The closing keynote for ISTE2010 was Jeff Piontek. Jeff is the head of the Hawaii Technology Academy. I thought his keynote was far and away the best of the three ISTE keynotes. He knew his audience, and he knew his presentation even better.
I thought his most powerful idea was that of re-tooling the age old idea of S.T.E.M. (Science Technology Engineering and Math) in education. His recommendation is to change it to S.T.E.A.M. = Science Technology Engineering Arts and Math. Anyone who is familiar with Daniel Pink's 'A Whole New Mind' understands the need to reinforce the arts in our students' education. However, Jeff has come up with a handy way to remind ourselves of it by simply adding one letter to a term all educators are familiar with.

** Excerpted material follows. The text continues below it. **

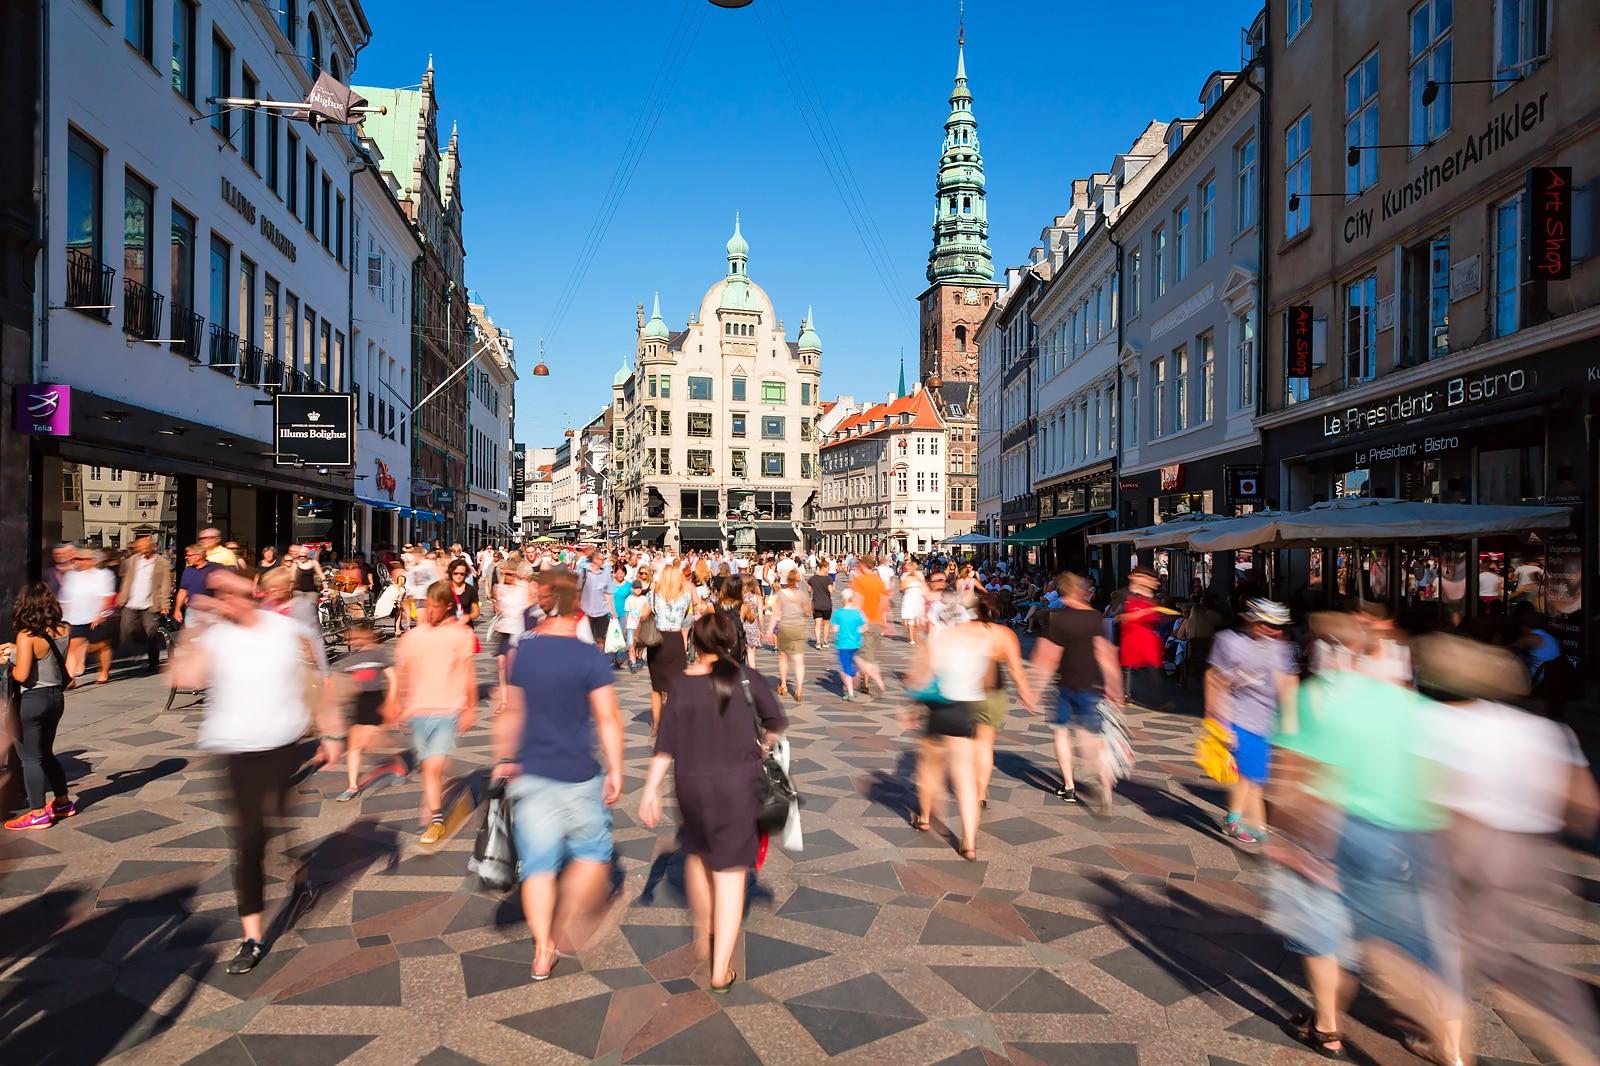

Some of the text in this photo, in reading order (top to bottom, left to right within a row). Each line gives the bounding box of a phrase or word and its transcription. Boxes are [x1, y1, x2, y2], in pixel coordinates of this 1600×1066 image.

How creative are the students in your district/school/classroom? Are you building an environment that allows creativity to develop? Many of our schools stifle creativity in the elementary years. As our students get older, we begin to focus more and more on high stakes testing and teaching to those tests. Yet, in doing so we neglect some of the most important aspects of our students needs: creativity, critical thinking, and analytical skills. The closing keynote for the TCEA2010 conference this year was by Erik Wahl. His entire keynote was focused on the lack of creativity in schools today. Erik is an amazing artist, yet in elementary school he was told he was wasting his time drawing and so he put down his crayon. He didn't pick up another crayon until he was in his twenties. One comment from one teacher cost him upwards of twenty years worth of art. How many students have this happen every day?
We must encourage creativity! Not stifle it. We must embrace the arts and make sure we are teaching S.T.E.A.M. not just S.T.E.M. Make sure you keep a box of crayons handy. :)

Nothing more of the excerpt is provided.